TRY IT
Write out the data below exactly as given, without any of its pictures.

RAW DATA

● ● ●

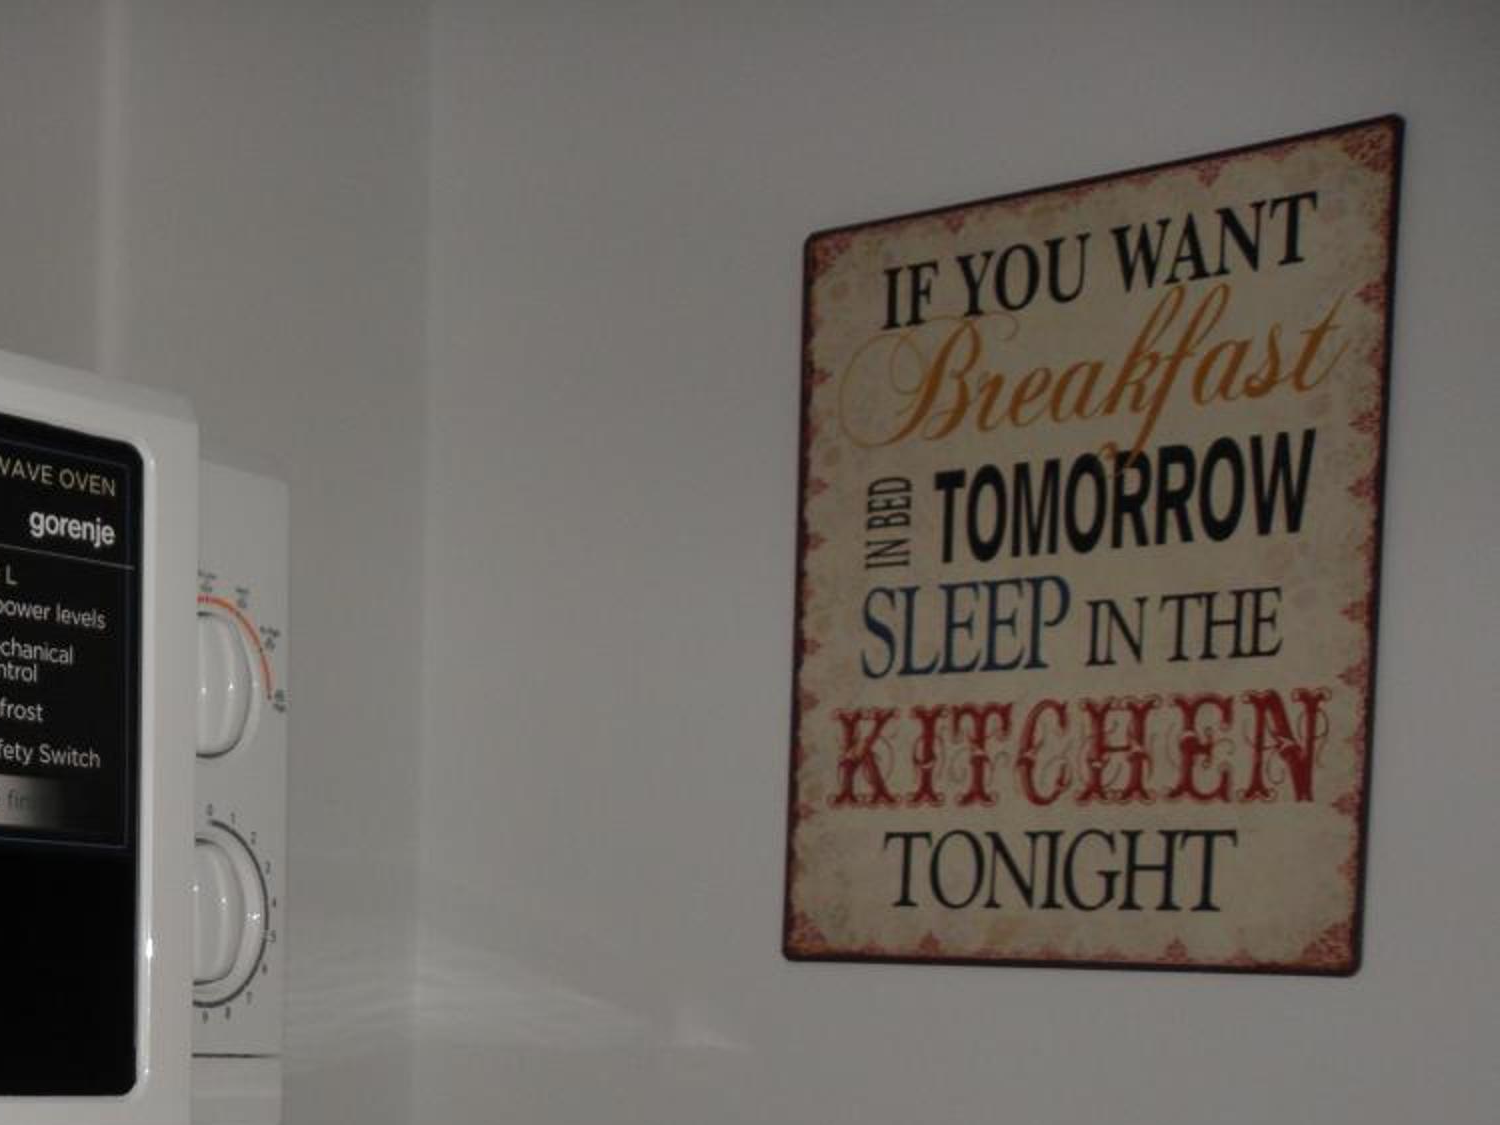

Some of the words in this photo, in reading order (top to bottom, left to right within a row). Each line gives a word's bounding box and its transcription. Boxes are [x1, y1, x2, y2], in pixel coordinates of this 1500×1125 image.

[881, 261, 939, 330] IF
[957, 232, 1092, 316] YOU
[1110, 192, 1318, 291] WANT
[839, 283, 1352, 478] Breakfast
[59, 468, 116, 497] OVEN
[868, 477, 912, 530] BED
[935, 428, 1316, 563] TOMORROW
[29, 511, 116, 548] gorenje
[865, 538, 910, 570] IN
[5, 565, 18, 585] L
[56, 603, 106, 630] levels
[860, 574, 1070, 679] SLEEP
[1085, 596, 1161, 667] IN
[1160, 586, 1284, 663] THE
[39, 743, 101, 769] Switch
[829, 687, 1331, 809] KITCHEN
[883, 829, 1237, 913] TONIGHT
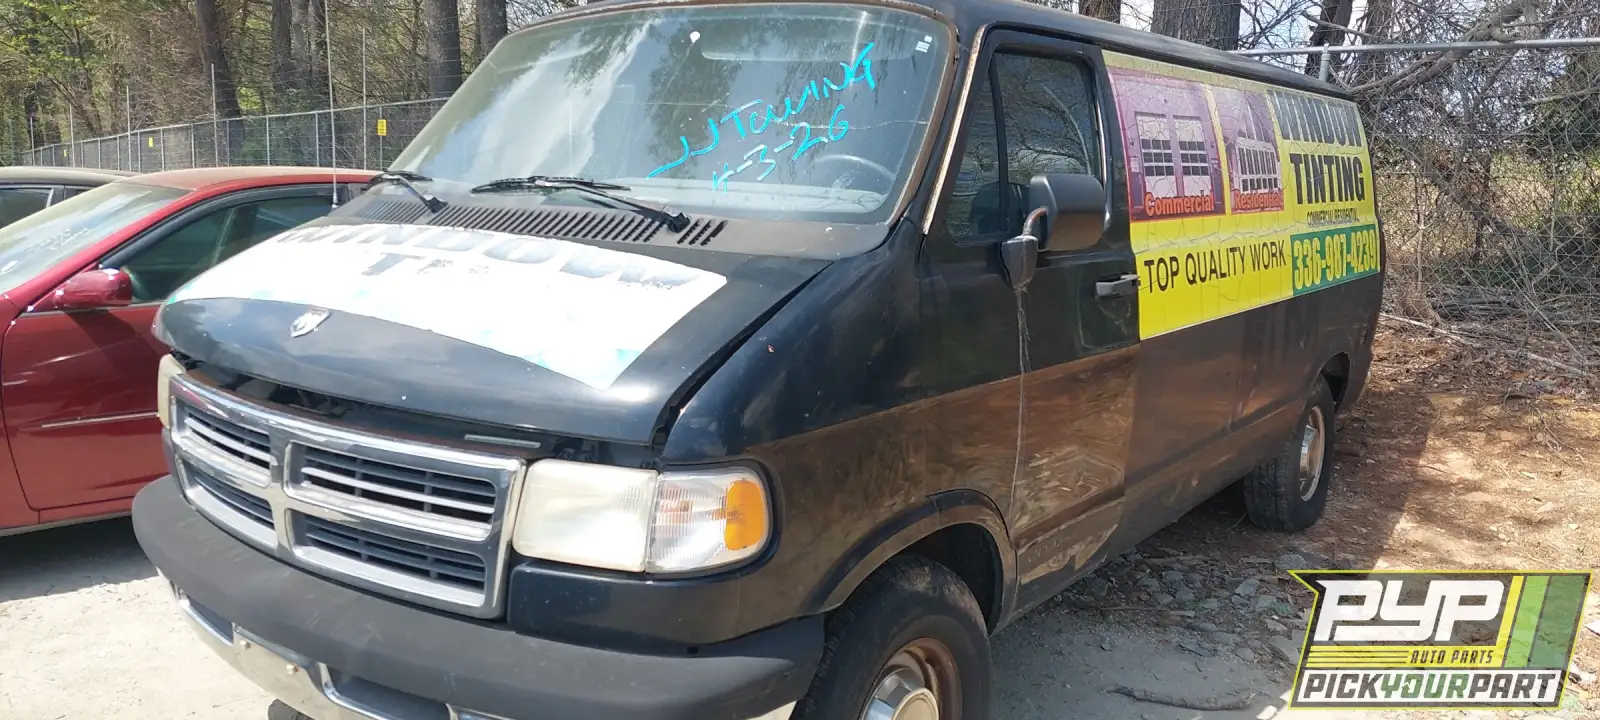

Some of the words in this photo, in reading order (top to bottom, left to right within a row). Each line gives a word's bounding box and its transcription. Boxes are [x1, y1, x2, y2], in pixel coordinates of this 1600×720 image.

[712, 104, 849, 194] 4-3-26
[1144, 191, 1215, 216] Commercial
[1234, 190, 1283, 209] Residential
[1290, 153, 1365, 205] TINTING
[1144, 256, 1180, 293] TOP
[1185, 246, 1246, 285] QUALITY
[1249, 240, 1287, 272] WORK
[1293, 229, 1377, 290] 336-987-4239
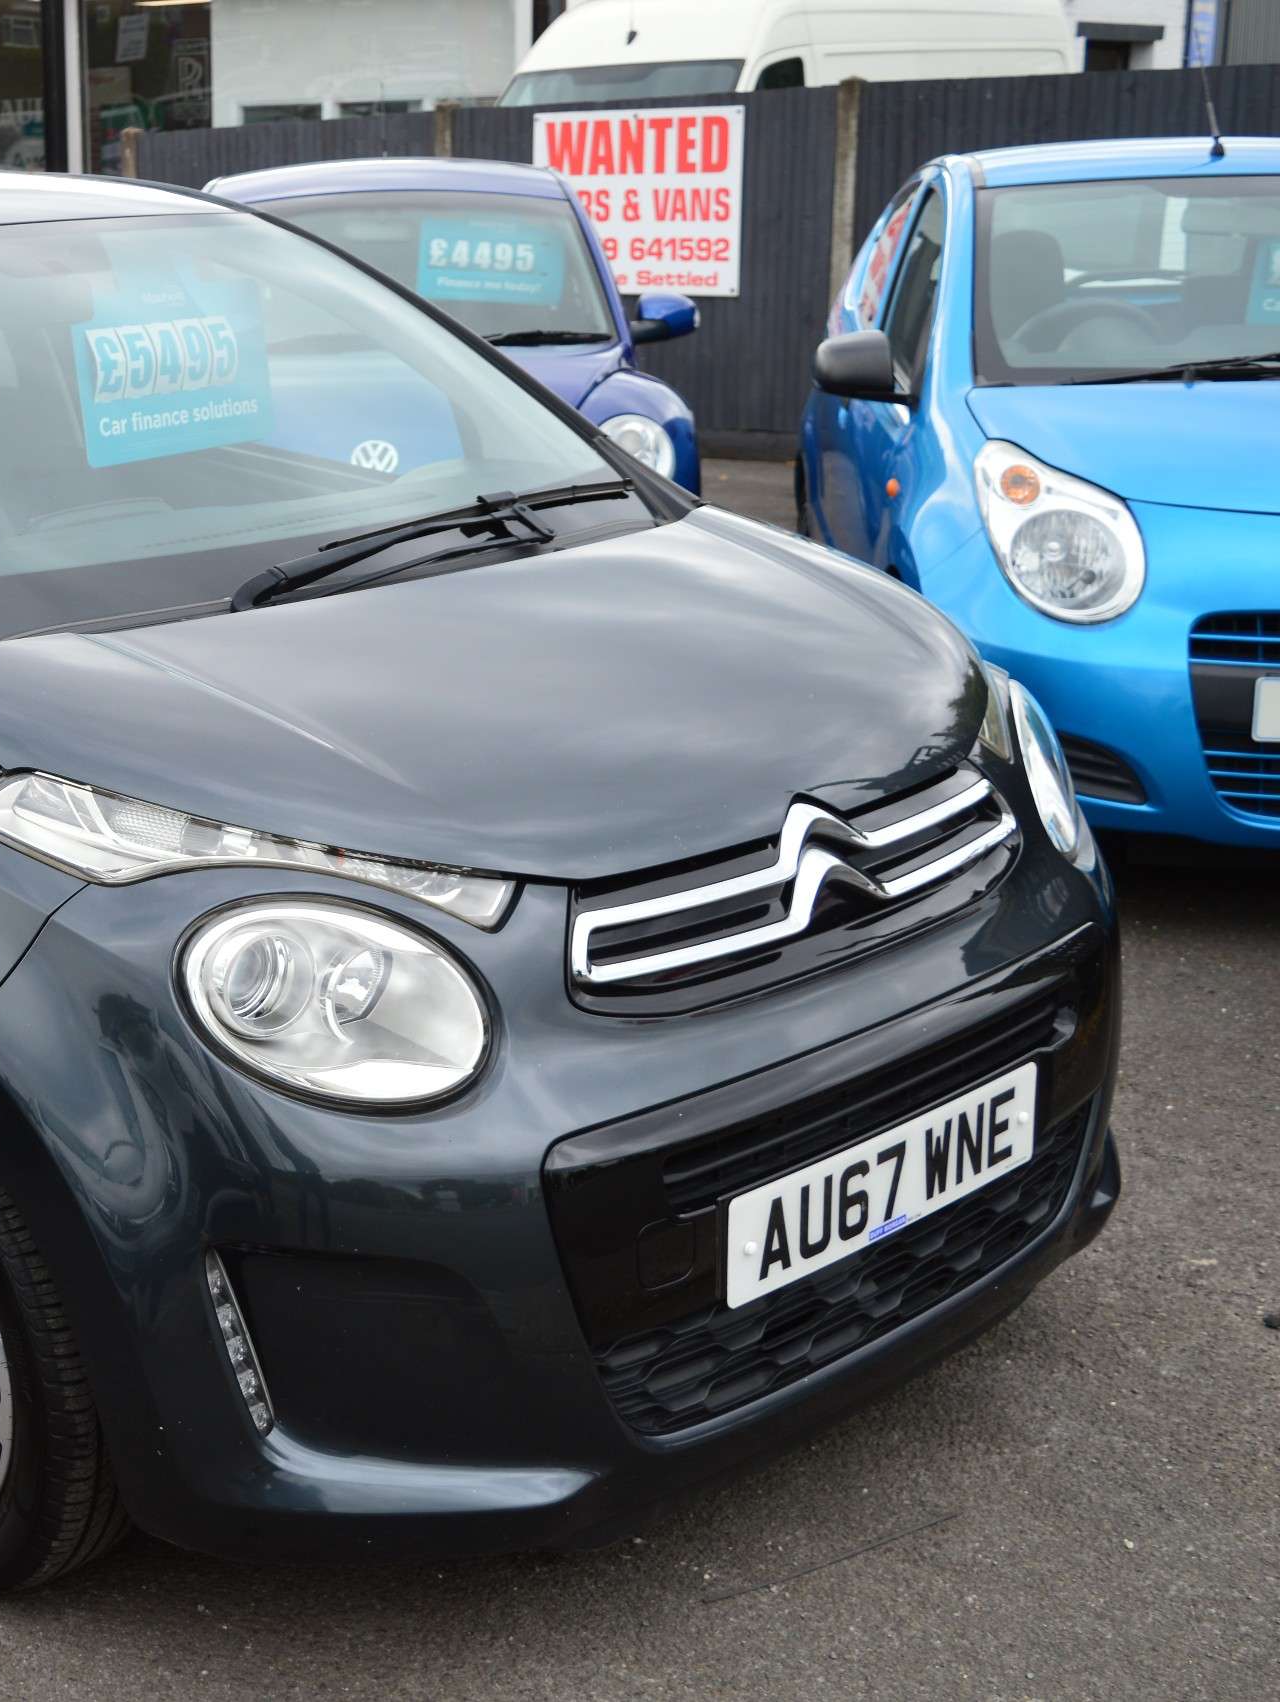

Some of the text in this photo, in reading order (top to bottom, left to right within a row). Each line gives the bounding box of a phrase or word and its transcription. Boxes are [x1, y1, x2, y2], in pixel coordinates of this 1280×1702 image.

[545, 115, 729, 176] WANTED
[577, 188, 730, 222] RS & VANS
[429, 238, 536, 272] £4495
[631, 237, 730, 261] 641592
[636, 271, 718, 287] Settled
[88, 316, 238, 402] £5495
[99, 399, 258, 437] Car finance solutions
[758, 1086, 1016, 1281] AU67 WNE
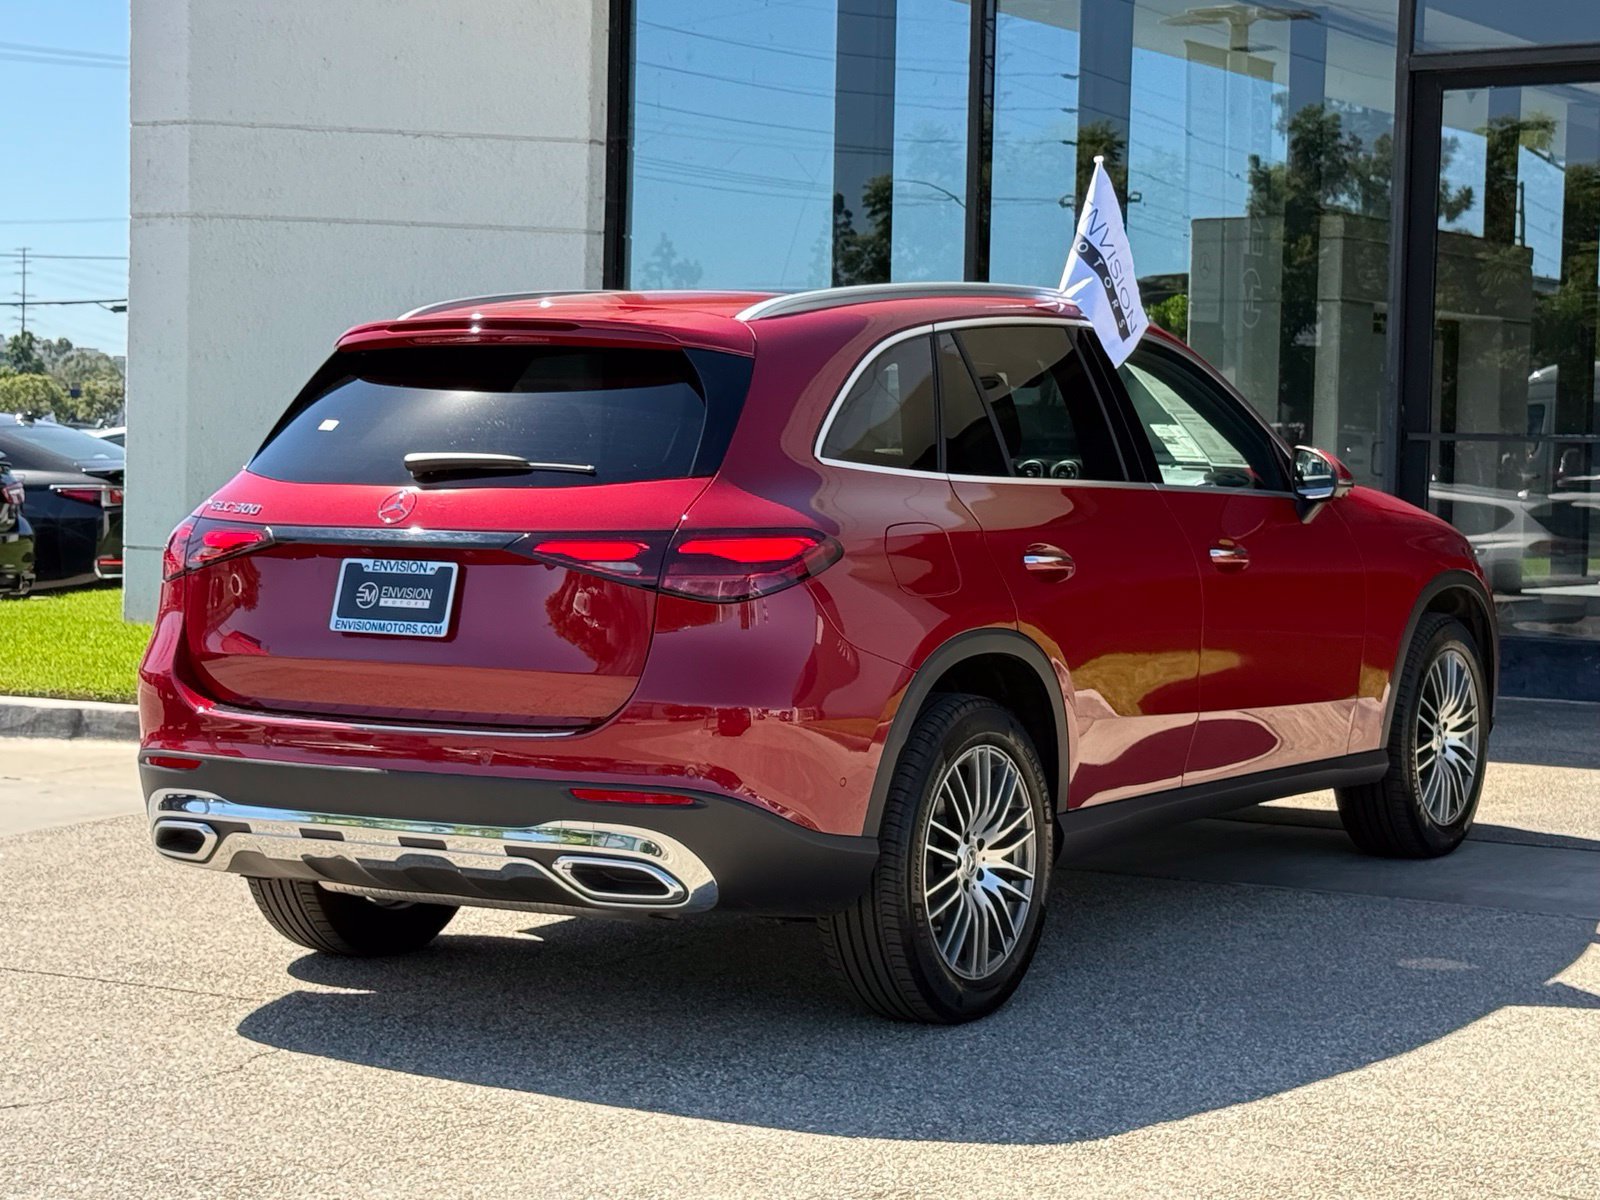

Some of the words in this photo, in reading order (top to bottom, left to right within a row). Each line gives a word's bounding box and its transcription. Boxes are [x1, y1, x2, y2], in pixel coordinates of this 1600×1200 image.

[1082, 200, 1138, 334] NVISION
[1077, 242, 1125, 329] OTORS
[211, 501, 236, 512] GLC
[233, 502, 263, 516] 300
[372, 560, 428, 573] ENVISION
[380, 586, 433, 599] ENVISION
[381, 599, 428, 608] MOTORS
[335, 619, 442, 635] ENVISIONMOTORS.COM

● ● ●

FINAL ANSWER
Some of the words in this photo, in reading order (top to bottom, left to right within a row). Each line gives a word's bounding box and its transcription. Boxes are [x1, y1, x2, y2], in pixel coordinates of this 1500×1125 image.

[881, 261, 939, 330] IF
[957, 232, 1092, 316] YOU
[1110, 192, 1318, 291] WANT
[839, 283, 1352, 478] Breakfast
[59, 468, 116, 497] OVEN
[868, 477, 912, 530] BED
[935, 428, 1316, 563] TOMORROW
[29, 511, 116, 548] gorenje
[865, 538, 910, 570] IN
[5, 565, 18, 585] L
[56, 603, 106, 630] levels
[860, 574, 1070, 679] SLEEP
[1085, 596, 1161, 667] IN
[1160, 586, 1284, 663] THE
[39, 743, 101, 769] Switch
[829, 687, 1331, 809] KITCHEN
[883, 829, 1237, 913] TONIGHT

Some of the words in this photo, in reading order (top to bottom, left to right within a row). Each line gives a word's bounding box and its transcription. Boxes are [x1, y1, x2, y2], in pixel coordinates of this 1600×720 image.

[712, 104, 849, 194] 4-3-26
[1144, 191, 1215, 216] Commercial
[1234, 190, 1283, 209] Residential
[1290, 153, 1365, 205] TINTING
[1144, 256, 1180, 293] TOP
[1185, 246, 1246, 285] QUALITY
[1249, 240, 1287, 272] WORK
[1293, 229, 1377, 290] 336-987-4239

Some of the text in this photo, in reading order (top to bottom, left to right within a row). Each line gives the bounding box of a phrase or word and its transcription. Boxes are [x1, y1, x2, y2], in pixel coordinates of this 1280×1702 image.

[545, 115, 729, 176] WANTED
[577, 188, 730, 222] RS & VANS
[429, 238, 536, 272] £4495
[631, 237, 730, 261] 641592
[636, 271, 718, 287] Settled
[88, 316, 238, 402] £5495
[99, 399, 258, 437] Car finance solutions
[758, 1086, 1016, 1281] AU67 WNE

Some of the words in this photo, in reading order (top to bottom, left to right within a row). Each line gives a word's bounding box and its transcription. Boxes are [x1, y1, x2, y2], in pixel coordinates of this 1600×1200 image.

[1082, 200, 1138, 334] NVISION
[1077, 242, 1125, 329] OTORS
[211, 501, 236, 512] GLC
[233, 502, 263, 516] 300
[372, 560, 428, 573] ENVISION
[380, 586, 433, 599] ENVISION
[381, 599, 428, 608] MOTORS
[335, 619, 442, 635] ENVISIONMOTORS.COM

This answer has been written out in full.